NCLE Symposium: AI and Languages Education

How can we best harness the capabilities of AI tools while retaining the specific strengths and advantages of human-mediated approaches?  

NCLE was delighted to host an AI Symposium in November 2025, bringing together researchers, experts, and practitioners with an interest in the role of artificial intelligence in language education.

The symposium provided an opportunity to explore state-of-the-art evidence from research and practice on the use of AI in language education, with a particular focus on how emerging technologies can inform policy development, teaching practice, and future research agendas.

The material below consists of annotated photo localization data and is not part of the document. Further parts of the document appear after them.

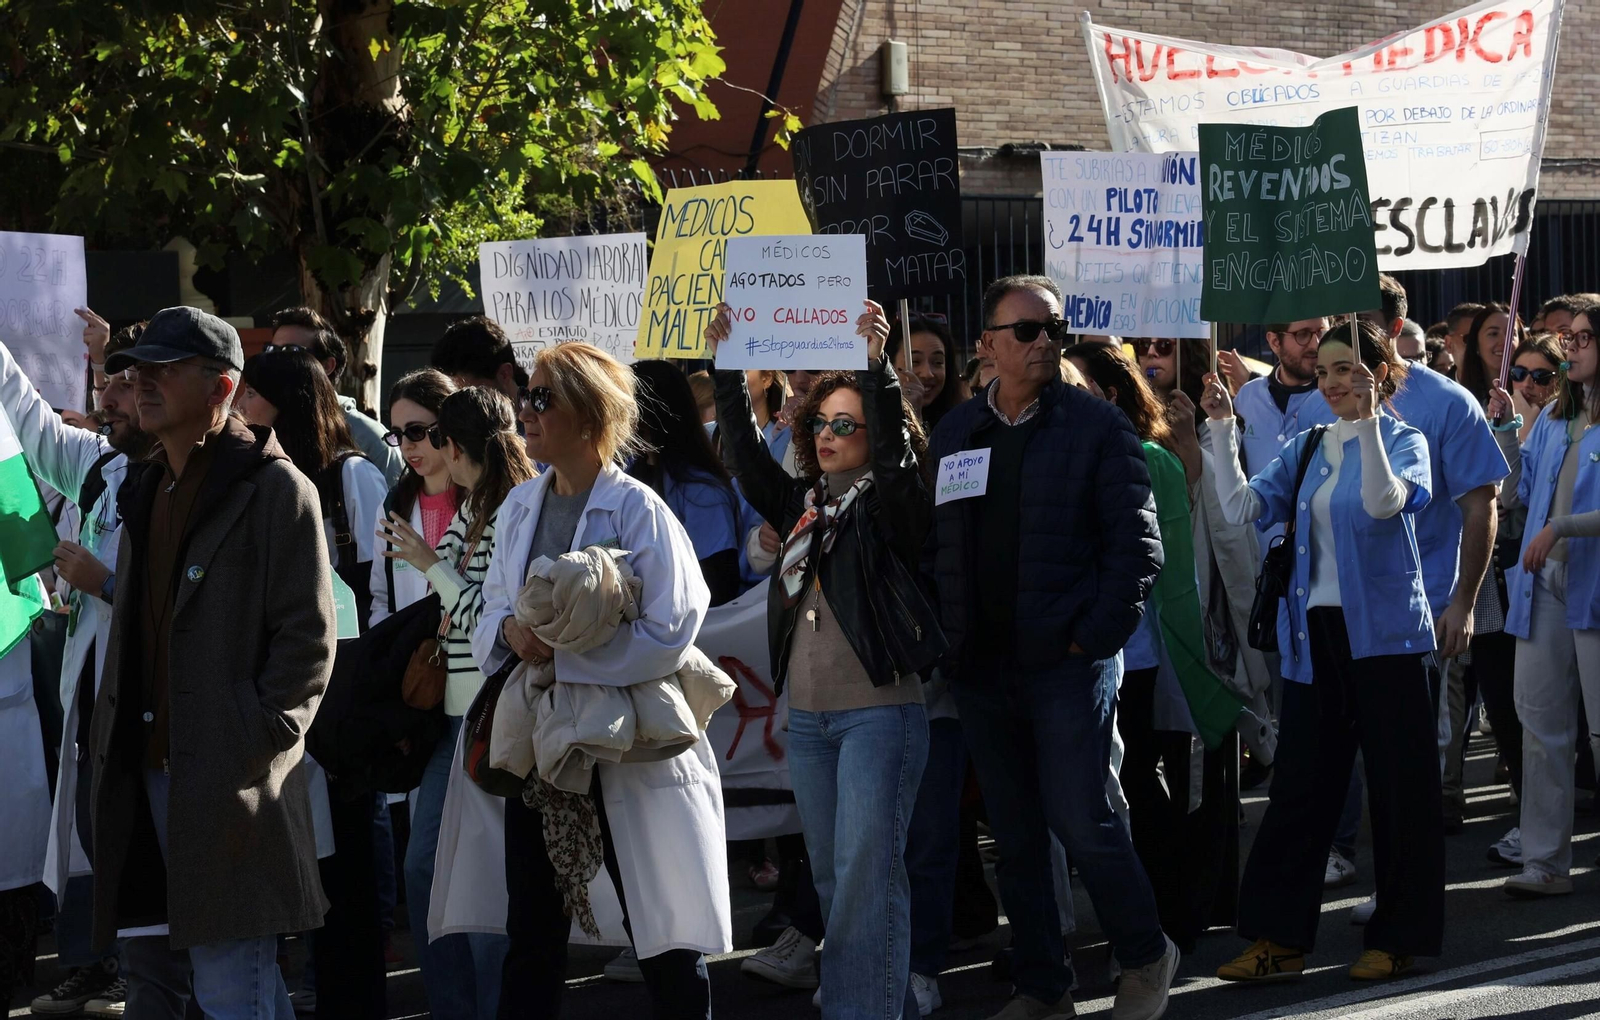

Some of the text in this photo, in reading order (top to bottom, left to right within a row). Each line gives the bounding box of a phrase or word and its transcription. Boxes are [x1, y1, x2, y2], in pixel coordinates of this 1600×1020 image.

[1350, 80, 1364, 96] A
[1378, 74, 1470, 92] GUARDIAS
[1484, 75, 1502, 88] DE
[1365, 109, 1396, 124] POR
[1403, 106, 1452, 121] DEBAJO
[1462, 106, 1476, 120] DE
[1481, 105, 1493, 119] LA
[833, 118, 941, 161] DORMIR
[1409, 144, 1472, 158] TRABAJAR
[1045, 157, 1068, 180] TE
[1136, 161, 1146, 183] A
[814, 157, 955, 207] SIN PARAR
[1048, 188, 1075, 210] CON
[1082, 188, 1098, 212] UN
[661, 194, 754, 239] MÉDICOS
[1226, 212, 1259, 243] EL
[587, 242, 645, 289] LABORAL
[885, 248, 965, 287] MATAR
[1049, 260, 1067, 280] NO
[1075, 262, 1124, 283] DEJES
[1212, 243, 1366, 292] ENCANTADO
[729, 271, 852, 289] AGOTADOS PERO
[492, 291, 539, 325] PARA
[543, 287, 575, 320] LOS
[1120, 293, 1138, 310] EN
[728, 307, 848, 325] NO CALLADOS
[538, 325, 587, 339] ESTATUTO
[944, 456, 984, 471] YO APOYO
[949, 474, 955, 482] A
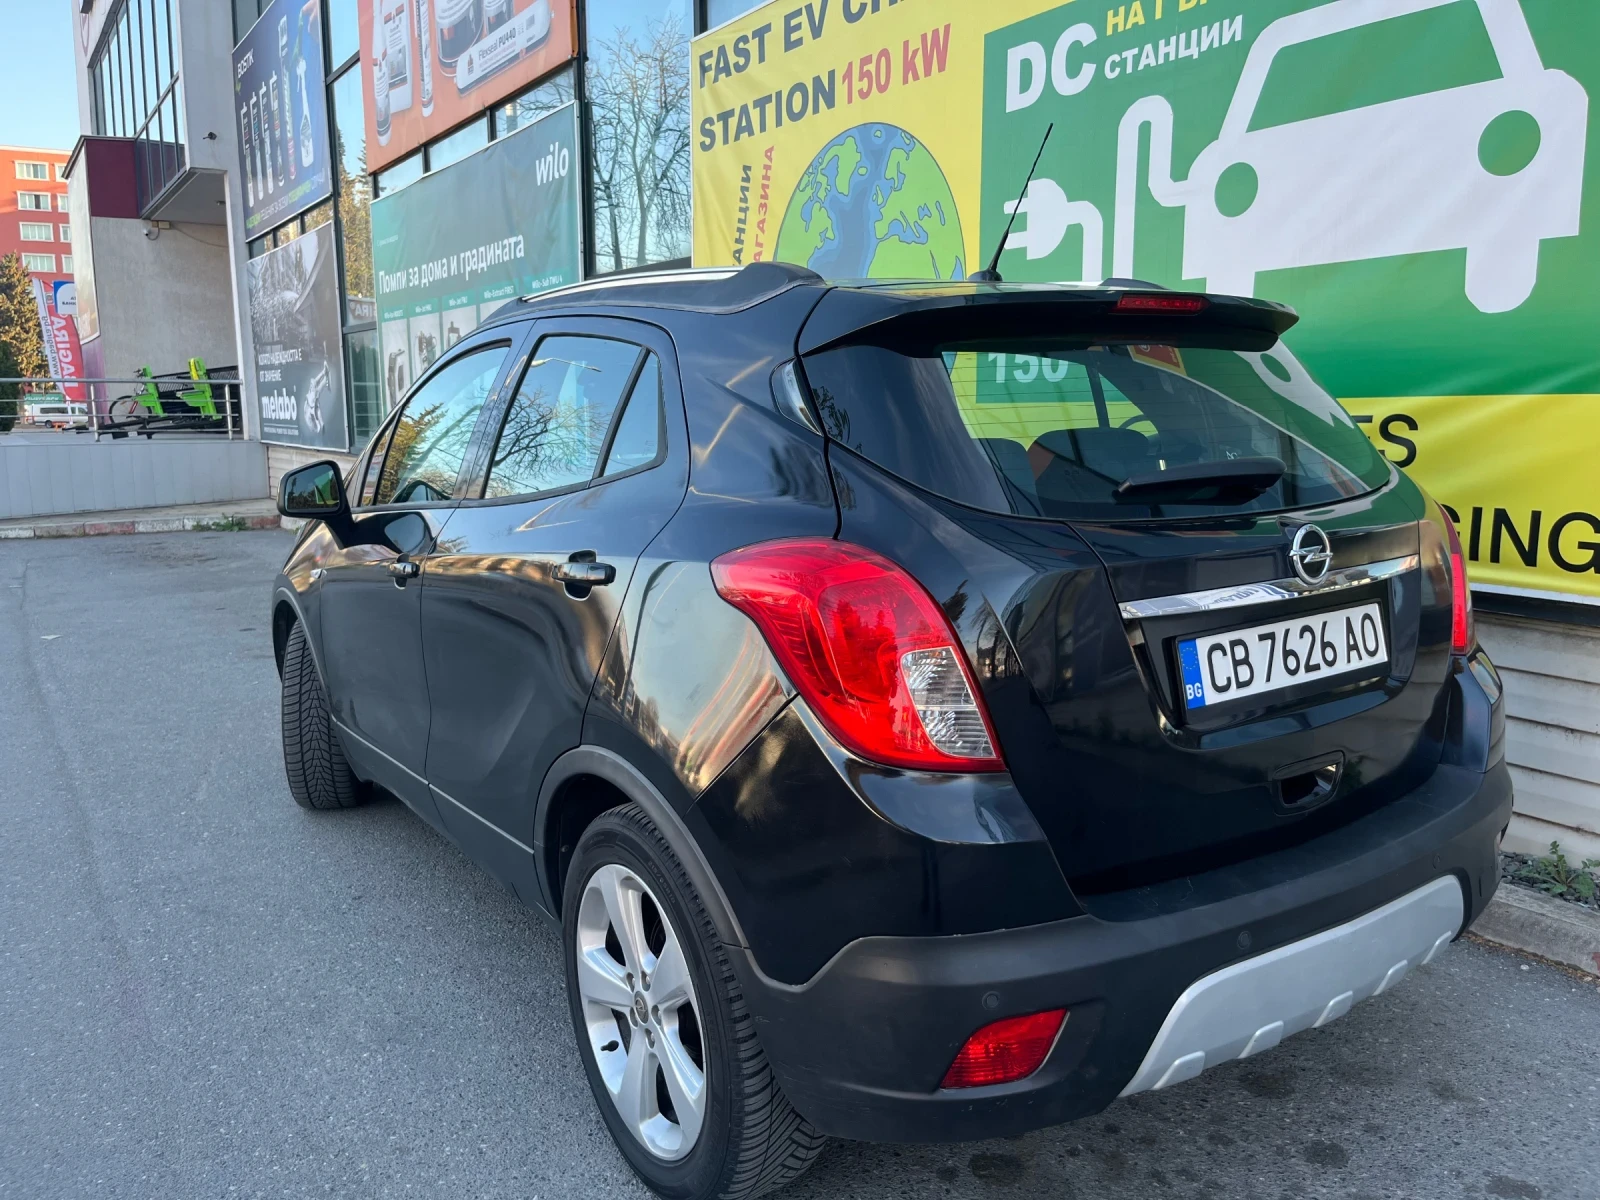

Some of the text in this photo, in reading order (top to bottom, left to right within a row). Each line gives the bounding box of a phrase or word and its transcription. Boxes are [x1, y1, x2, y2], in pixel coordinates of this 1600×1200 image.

[699, 22, 772, 88] FAST
[784, 0, 828, 52] EV
[1104, 14, 1243, 80] СТАНЦИИ
[1106, 0, 1146, 36] НА
[238, 48, 254, 78] BOSTIK
[700, 23, 951, 152] STATION 150 kW
[1006, 22, 1098, 113] DC
[536, 142, 569, 186] wilo
[732, 164, 752, 266] АНЦИИ
[378, 234, 525, 294] Помпи за дома и градината
[988, 353, 1068, 383] 150
[1206, 612, 1380, 694] CB 7626 AO
[1186, 683, 1202, 700] BG

The sessions from NCLE’s AI Symposium provide the latest research insights and analysis on: 

  • The ethical and philosophical questions we must ask ourselves as we embark on an AI-assisted future for languages education. 
  • The nature of AI and the impact of its interaction with the psychology, cognition and pedagogy of human teachers and learners. 
  • The extent to which AI outputs enhance and/or diminish the effectiveness of learning and assessment, with specific implications for Ed Tech design, inter-disciplinary collaboration in research and development of AI tools, and teachers’ and learners’ deployment of these tools. 
  • How AI is changing traditional and expected roles of teachers and learners, and the mechanisms by which AI, teachers and learners mediate teaching, learning and assessment. 
  • Practical demonstrations for teachers in how to deploy free AI tools to generate teaching materials and enhance lessons, with a focus on data protection, reliability, bias, safeguarding and managing the potential impact of relying on AI tools for fundamental pedagogical principles. 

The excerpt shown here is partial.